Methodology
How the Index was built.
The AI Companies AI Visibility Index 2026 analyzed 32,200 prompts across ChatGPT, Claude, Gemini, Perplexity, and Google AI Overviews, run in two independent waves to test for stability across retrieval drift, model updates, and the high cross-wave volatility characteristic of this category.
Two-wave structure
- Wave 1: January 15 – February 12, 2026 · 16,100 prompts
- Wave 2: April 8 – May 6, 2026 · 16,100 prompts
Wave 2 used the same prompt set as Wave 1 with no modification. Only findings stable across both waves within reporting tolerance (≤2.0 percentage-point delta on company-level Citation Share; ≤2.5 pp on source-level share) are published here. This category showed higher cross-wave volatility than banking, venture capital, or credit cards — driven by frequent model releases, active news cycles, and ongoing competitive dynamics during the testing period.

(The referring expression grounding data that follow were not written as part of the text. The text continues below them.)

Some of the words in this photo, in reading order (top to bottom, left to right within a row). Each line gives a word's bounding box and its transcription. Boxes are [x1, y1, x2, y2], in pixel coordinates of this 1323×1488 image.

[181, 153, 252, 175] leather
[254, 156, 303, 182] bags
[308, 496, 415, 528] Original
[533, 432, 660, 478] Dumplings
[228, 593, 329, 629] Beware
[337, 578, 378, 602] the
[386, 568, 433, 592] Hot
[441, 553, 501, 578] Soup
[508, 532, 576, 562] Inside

The wider tolerance band reflects that reality without compromising stability requirements.
Prompt design
Queries simulated real founder, developer, journalist, investor, and policymaker research behavior. Prompts included branded company queries ("What does OpenAI do?"), non-branded category queries ("Best AI company in 2026"), comparison queries ("OpenAI vs Anthropic"), capability queries ("Best AI for coding", "Best AI for safety research"), recommendation queries ("Which AI should I use for my startup?"), and technical queries ("Best open-source LLM"). Prompts were distributed evenly across the five engines so that each engine received the same prompt mix per category.
Seven AI company categories measured
- Foundation model labs (OpenAI, Anthropic, Google DeepMind, Meta, xAI)

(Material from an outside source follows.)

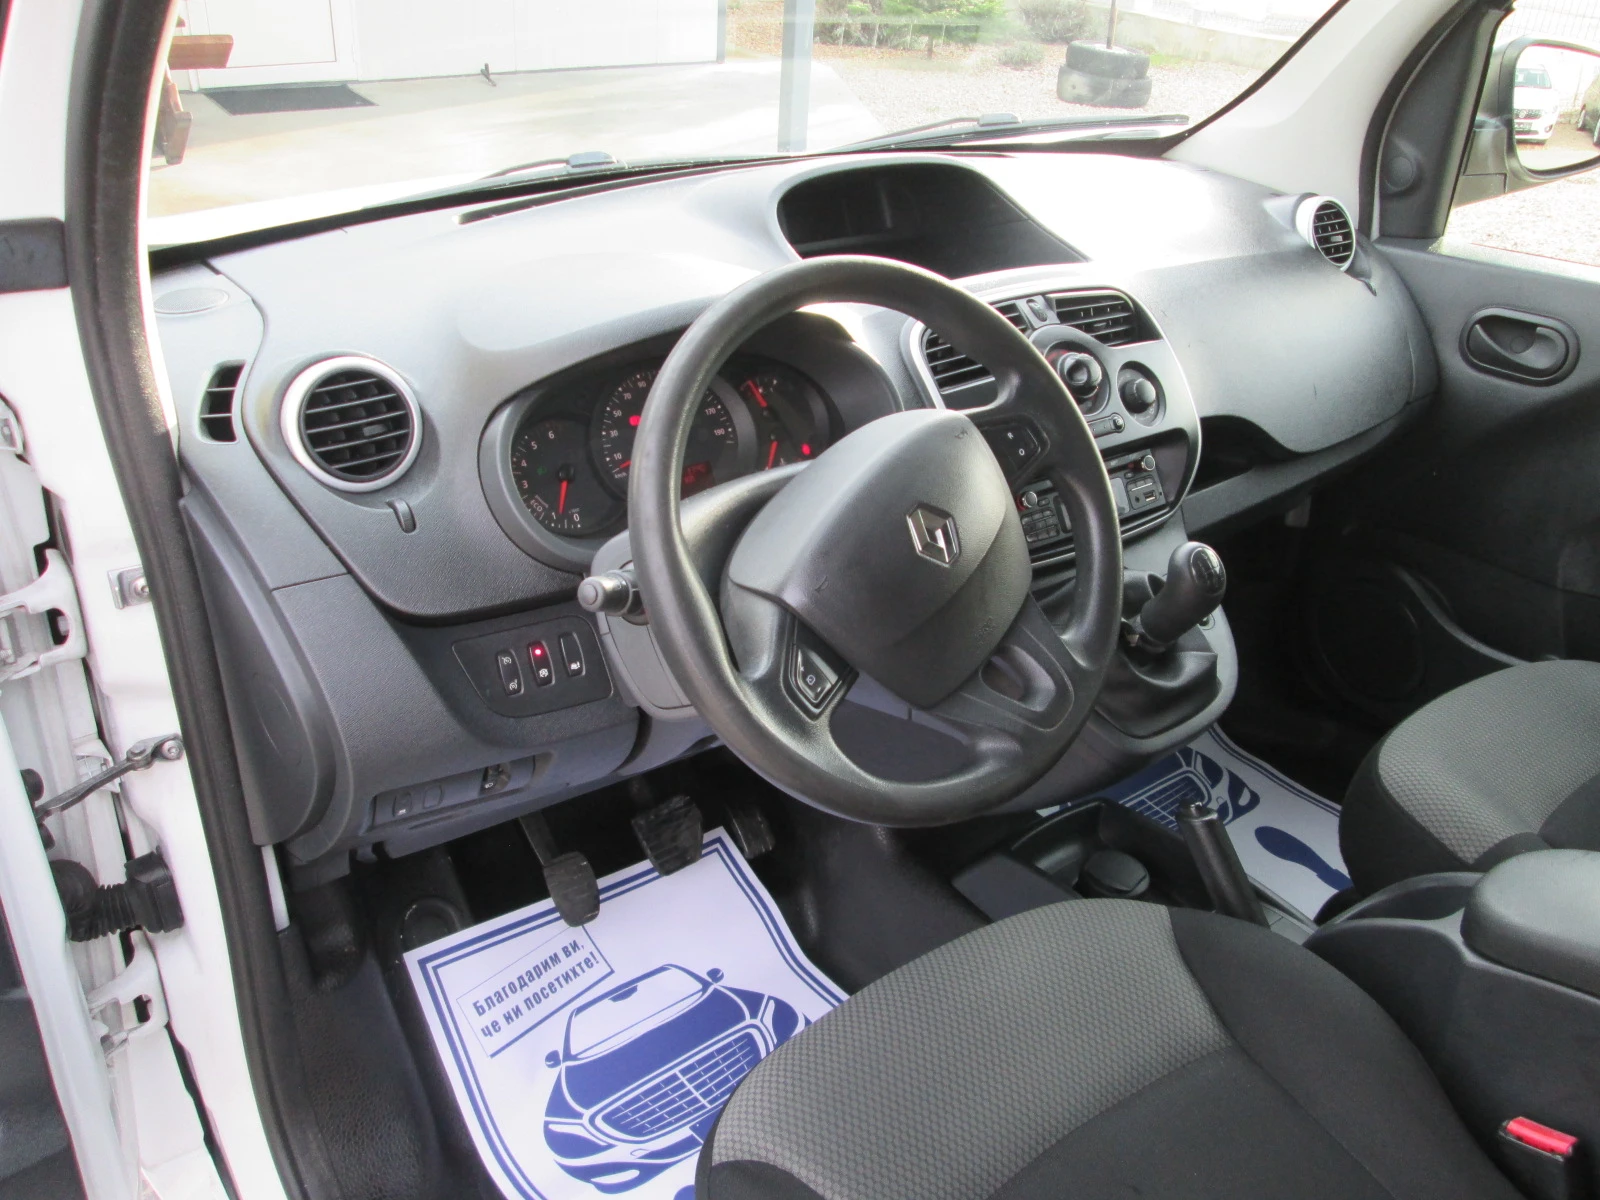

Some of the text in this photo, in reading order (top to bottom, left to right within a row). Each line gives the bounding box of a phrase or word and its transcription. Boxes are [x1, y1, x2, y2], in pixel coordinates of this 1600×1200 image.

- Open-source AI labs and projects (Mistral, Hugging Face, EleutherAI, AI2)
- Multimodal and generative AI (Stability AI, Runway, Character.AI)
- AI safety, alignment, and interpretability
- Application-layer and vertical AI (Glean, Harvey, Cursor, Replit, Adept)
- Major Chinese AI labs (DeepSeek, Alibaba Qwen, Moonshot Kimi, Baidu, Zhipu)
- Enterprise AI infrastructure (Cohere, AI21, Together, Reka)
Self-Citation Lift methodology
Self-Citation Lift was calculated within recommendation queries only — prompts that explicitly ask the AI assistant to suggest or recommend a model, company, or tool. For each engine with a parent company in the test set, the engine's citation rate for its parent's products was compared against the average citation rate for the same parent across the other four engines in identical prompts. A lift of 1.0x indicates no self-bias. A lift of 2.0x indicates the engine cites its parent twice as often as other engines do. Lift was averaged across both waves.
Sampling
Each prompt was issued three times per engine within a wave, with responses sampled at varied time-of-day windows to reduce within-engine retrieval drift. Reported Citation Share values represent the average of all retrieved responses for a prompt across both waves.
What "Citation Share" means operationally
Three distinct response signals were tracked per retrieved answer:
- Mention — the entity is named anywhere in the response
- Recommendation — the entity is named as a suggested or preferred option
- Source citation — the entity (or its owned domain, GitHub repository, or research papers) is cited as a reference
For the headline metric reported as Citation Share, all three signals were weighted equally per retrieved response. Source-level analyses (the publisher rankings in Figure 01) used source citations only.
Cross-engine normalization
Each engine was weighted equally in aggregate figures, regardless of differences in response length or default-citation frequency per engine. This was a deliberate choice: weighting by raw citation volume would have over-weighted Perplexity and Google AI Overviews, both of which return more citations per response than ChatGPT, Claude, or Gemini by default. Where per-engine results diverge, those differences are reported separately (Figures 02 and 03).
Retrieval vs training-data signal
This benchmark does not separately attribute citations to retrieval (live web search at query time) versus training data (pre-trained associations). The two are increasingly entangled in production AI assistants and not externally observable. The Self-Citation Lift finding (Figure 02) cannot fully distinguish between retrieval bias and training-data bias — both contribute. Where engine-level behavior differs from a pure retrieval-only baseline, that variance is interpreted as a combination of retrieval architecture, training-data composition, and engine-specific ranking heuristics.
Limitations and disclosures
Results reflect sampled outputs during a defined testing window. AI models, training data, retrieval indexes, and ranking systems evolve continuously; results may shift outside the test period. The category measured here — AI companies themselves — shows higher cross-wave volatility than slower-moving industries and demands more frequent re-measurement. The Index is best read as a structured snapshot of observed system behavior across two waves, not as a continuous live measurement. The full prompt set, per-engine response logs, and category-level datasets are available on request for replication.
Disclosure: 5W has commercial relationships in the AI industry and operates as a senior advisor to Curium.io, the team that coined Generative Engine Optimization. Companies cited in this Index were selected based on observed Citation Share in the test set; inclusion does not imply a commercial relationship. 5W does not accept compensation for ranking placement.